* YOUR OBJECTIVE: Please copy exactly the lines that begin with the one containing "this 1752×986 image." and end with the last line of the entries.

┌─ GIVEN INFORMATION

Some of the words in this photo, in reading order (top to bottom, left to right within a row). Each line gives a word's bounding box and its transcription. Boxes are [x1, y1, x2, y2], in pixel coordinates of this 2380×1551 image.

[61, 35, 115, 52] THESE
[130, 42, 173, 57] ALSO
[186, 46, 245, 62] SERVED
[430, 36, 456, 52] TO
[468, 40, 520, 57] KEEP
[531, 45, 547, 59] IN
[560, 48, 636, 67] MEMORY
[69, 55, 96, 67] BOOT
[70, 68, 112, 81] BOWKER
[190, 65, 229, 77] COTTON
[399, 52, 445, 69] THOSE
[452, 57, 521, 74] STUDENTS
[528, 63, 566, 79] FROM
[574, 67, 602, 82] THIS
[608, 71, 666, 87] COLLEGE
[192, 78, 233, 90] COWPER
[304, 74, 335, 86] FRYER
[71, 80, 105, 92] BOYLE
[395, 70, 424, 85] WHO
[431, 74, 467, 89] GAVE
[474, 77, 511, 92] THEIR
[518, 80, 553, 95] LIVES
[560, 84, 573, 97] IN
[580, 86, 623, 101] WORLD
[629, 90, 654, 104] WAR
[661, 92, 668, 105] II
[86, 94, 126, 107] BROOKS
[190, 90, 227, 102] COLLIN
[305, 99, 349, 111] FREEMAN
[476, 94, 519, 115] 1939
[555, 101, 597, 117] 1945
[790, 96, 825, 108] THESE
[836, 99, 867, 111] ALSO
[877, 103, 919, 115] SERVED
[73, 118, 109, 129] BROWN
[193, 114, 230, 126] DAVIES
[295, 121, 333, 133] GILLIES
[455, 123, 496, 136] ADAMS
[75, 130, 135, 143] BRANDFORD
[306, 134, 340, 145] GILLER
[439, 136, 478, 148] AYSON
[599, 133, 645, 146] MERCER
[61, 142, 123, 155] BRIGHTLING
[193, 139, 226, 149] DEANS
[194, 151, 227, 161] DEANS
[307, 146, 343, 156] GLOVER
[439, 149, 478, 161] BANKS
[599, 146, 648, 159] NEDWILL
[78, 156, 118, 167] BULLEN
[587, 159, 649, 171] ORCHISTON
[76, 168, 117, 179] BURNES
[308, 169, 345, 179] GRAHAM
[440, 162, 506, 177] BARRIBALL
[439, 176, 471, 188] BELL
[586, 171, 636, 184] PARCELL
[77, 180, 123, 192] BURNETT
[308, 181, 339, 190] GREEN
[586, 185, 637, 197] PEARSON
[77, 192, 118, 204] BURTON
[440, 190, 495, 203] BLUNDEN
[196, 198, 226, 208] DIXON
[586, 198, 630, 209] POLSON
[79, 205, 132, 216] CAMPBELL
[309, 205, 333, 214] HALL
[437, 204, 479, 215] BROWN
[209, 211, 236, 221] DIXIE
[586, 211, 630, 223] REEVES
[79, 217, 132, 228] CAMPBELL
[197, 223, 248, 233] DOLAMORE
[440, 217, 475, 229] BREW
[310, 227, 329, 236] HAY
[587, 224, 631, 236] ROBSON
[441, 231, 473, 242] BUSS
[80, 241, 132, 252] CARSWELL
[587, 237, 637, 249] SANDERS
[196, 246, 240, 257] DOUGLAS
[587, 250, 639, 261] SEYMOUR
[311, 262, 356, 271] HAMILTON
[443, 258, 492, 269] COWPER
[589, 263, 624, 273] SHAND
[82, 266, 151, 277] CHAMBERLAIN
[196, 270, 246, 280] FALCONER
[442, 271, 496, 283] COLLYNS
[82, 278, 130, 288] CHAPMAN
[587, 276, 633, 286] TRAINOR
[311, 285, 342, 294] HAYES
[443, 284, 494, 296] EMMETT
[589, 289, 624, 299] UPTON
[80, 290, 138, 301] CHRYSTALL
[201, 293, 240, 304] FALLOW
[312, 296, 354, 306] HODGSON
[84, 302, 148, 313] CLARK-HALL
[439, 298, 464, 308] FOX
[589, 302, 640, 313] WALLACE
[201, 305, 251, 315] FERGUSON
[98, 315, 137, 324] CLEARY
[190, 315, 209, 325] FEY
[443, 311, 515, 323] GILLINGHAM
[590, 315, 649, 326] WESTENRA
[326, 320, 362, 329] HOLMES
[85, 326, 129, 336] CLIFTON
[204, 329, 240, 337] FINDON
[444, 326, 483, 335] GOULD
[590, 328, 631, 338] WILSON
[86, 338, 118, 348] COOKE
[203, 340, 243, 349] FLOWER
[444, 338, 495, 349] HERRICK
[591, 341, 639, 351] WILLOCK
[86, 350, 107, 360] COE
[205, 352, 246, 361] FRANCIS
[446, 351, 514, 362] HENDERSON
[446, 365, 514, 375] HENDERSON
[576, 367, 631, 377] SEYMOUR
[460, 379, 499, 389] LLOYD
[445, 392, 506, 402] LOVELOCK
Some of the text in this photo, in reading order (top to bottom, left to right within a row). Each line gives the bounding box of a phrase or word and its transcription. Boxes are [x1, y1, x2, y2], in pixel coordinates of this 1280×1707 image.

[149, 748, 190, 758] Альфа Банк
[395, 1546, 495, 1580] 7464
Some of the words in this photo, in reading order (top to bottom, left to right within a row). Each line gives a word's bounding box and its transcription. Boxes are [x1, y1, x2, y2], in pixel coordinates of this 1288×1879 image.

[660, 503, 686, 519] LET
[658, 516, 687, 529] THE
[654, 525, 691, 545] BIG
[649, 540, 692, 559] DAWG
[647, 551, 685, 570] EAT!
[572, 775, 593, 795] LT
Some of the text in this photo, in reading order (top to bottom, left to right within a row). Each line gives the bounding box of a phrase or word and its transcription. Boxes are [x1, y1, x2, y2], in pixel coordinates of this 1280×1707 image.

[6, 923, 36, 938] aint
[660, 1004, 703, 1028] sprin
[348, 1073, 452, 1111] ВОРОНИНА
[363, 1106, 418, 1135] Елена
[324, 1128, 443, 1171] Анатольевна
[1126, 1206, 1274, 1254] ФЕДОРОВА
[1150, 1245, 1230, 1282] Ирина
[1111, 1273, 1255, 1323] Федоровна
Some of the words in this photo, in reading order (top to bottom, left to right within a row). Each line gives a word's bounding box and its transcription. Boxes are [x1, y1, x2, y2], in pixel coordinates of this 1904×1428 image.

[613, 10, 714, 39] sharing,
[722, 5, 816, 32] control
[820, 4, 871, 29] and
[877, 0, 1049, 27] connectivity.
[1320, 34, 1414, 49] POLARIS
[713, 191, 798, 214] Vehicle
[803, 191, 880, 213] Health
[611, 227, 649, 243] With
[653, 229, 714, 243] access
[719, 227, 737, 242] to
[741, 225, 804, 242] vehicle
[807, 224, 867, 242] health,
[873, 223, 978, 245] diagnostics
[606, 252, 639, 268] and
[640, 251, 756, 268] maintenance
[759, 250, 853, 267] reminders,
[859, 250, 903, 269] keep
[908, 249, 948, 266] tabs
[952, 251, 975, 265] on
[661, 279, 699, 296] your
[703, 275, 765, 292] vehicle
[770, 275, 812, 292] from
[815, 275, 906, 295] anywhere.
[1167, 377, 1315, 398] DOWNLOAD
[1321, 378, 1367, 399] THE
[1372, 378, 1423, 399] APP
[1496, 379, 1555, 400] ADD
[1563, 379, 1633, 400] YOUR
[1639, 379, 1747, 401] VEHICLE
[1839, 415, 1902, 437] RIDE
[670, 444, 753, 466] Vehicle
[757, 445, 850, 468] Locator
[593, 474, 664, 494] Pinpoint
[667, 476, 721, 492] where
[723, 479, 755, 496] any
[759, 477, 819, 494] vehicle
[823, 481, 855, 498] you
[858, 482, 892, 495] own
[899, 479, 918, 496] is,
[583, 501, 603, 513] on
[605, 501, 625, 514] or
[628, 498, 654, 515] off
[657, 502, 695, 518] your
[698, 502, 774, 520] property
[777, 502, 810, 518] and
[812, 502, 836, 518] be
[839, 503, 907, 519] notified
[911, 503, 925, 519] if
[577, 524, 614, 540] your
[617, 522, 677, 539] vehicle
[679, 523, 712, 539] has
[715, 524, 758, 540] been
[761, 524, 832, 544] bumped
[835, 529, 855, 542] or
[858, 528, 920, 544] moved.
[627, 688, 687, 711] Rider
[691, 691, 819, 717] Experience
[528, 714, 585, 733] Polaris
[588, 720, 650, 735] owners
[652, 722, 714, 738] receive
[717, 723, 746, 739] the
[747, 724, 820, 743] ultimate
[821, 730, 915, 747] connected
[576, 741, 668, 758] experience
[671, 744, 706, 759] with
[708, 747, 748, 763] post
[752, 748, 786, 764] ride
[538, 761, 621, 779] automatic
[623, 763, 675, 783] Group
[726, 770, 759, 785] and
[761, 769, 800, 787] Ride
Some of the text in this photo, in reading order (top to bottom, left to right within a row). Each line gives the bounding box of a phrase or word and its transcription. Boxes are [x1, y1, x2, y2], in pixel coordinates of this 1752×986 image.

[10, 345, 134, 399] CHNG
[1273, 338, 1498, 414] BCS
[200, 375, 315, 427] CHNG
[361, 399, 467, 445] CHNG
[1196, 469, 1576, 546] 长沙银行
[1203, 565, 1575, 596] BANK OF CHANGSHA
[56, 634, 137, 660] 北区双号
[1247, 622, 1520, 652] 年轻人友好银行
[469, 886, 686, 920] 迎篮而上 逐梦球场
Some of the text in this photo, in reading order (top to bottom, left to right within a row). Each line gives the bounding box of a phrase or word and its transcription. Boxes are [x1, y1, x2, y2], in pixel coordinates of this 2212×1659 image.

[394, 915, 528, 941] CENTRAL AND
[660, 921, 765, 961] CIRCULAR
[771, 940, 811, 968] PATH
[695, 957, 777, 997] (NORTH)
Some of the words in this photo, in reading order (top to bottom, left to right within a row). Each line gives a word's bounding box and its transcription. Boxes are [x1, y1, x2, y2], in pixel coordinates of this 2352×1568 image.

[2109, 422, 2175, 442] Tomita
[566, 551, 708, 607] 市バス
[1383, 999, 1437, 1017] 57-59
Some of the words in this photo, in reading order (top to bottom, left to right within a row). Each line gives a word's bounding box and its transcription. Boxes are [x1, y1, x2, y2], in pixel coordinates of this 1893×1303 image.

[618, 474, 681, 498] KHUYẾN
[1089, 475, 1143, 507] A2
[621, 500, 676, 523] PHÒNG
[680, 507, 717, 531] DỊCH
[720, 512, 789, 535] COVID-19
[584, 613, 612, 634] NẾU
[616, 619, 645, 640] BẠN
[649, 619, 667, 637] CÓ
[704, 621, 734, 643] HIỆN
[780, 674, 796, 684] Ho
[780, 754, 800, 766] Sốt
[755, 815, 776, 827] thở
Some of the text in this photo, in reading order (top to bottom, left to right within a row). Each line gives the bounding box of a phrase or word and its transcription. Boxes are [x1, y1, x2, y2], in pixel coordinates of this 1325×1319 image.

└─

* SOLUTION TO THIS TASK:
Some of the text in this photo, in reading order (top to bottom, left to right within a row). Each line gives the bounding box of a phrase or word and its transcription. Boxes are [x1, y1, x2, y2], in pixel coordinates of this 1752×986 image.

[10, 345, 134, 399] CHNG
[1273, 338, 1498, 414] BCS
[200, 375, 315, 427] CHNG
[361, 399, 467, 445] CHNG
[1196, 469, 1576, 546] 长沙银行
[1203, 565, 1575, 596] BANK OF CHANGSHA
[56, 634, 137, 660] 北区双号
[1247, 622, 1520, 652] 年轻人友好银行
[469, 886, 686, 920] 迎篮而上 逐梦球场
Some of the text in this photo, in reading order (top to bottom, left to right within a row). Each line gives the bounding box of a phrase or word and its transcription. Boxes are [x1, y1, x2, y2], in pixel coordinates of this 2212×1659 image.

[394, 915, 528, 941] CENTRAL AND
[660, 921, 765, 961] CIRCULAR
[771, 940, 811, 968] PATH
[695, 957, 777, 997] (NORTH)
Some of the words in this photo, in reading order (top to bottom, left to right within a row). Each line gives a word's bounding box and its transcription. Boxes are [x1, y1, x2, y2], in pixel coordinates of this 2352×1568 image.

[2109, 422, 2175, 442] Tomita
[566, 551, 708, 607] 市バス
[1383, 999, 1437, 1017] 57-59
Some of the words in this photo, in reading order (top to bottom, left to right within a row). Each line gives a word's bounding box and its transcription. Boxes are [x1, y1, x2, y2], in pixel coordinates of this 1893×1303 image.

[618, 474, 681, 498] KHUYẾN
[1089, 475, 1143, 507] A2
[621, 500, 676, 523] PHÒNG
[680, 507, 717, 531] DỊCH
[720, 512, 789, 535] COVID-19
[584, 613, 612, 634] NẾU
[616, 619, 645, 640] BẠN
[649, 619, 667, 637] CÓ
[704, 621, 734, 643] HIỆN
[780, 674, 796, 684] Ho
[780, 754, 800, 766] Sốt
[755, 815, 776, 827] thở
Some of the text in this photo, in reading order (top to bottom, left to right within a row). Each line gives the bounding box of a phrase or word and its transcription. Boxes are [x1, y1, x2, y2], in pixel coordinates of this 1325×1319 image.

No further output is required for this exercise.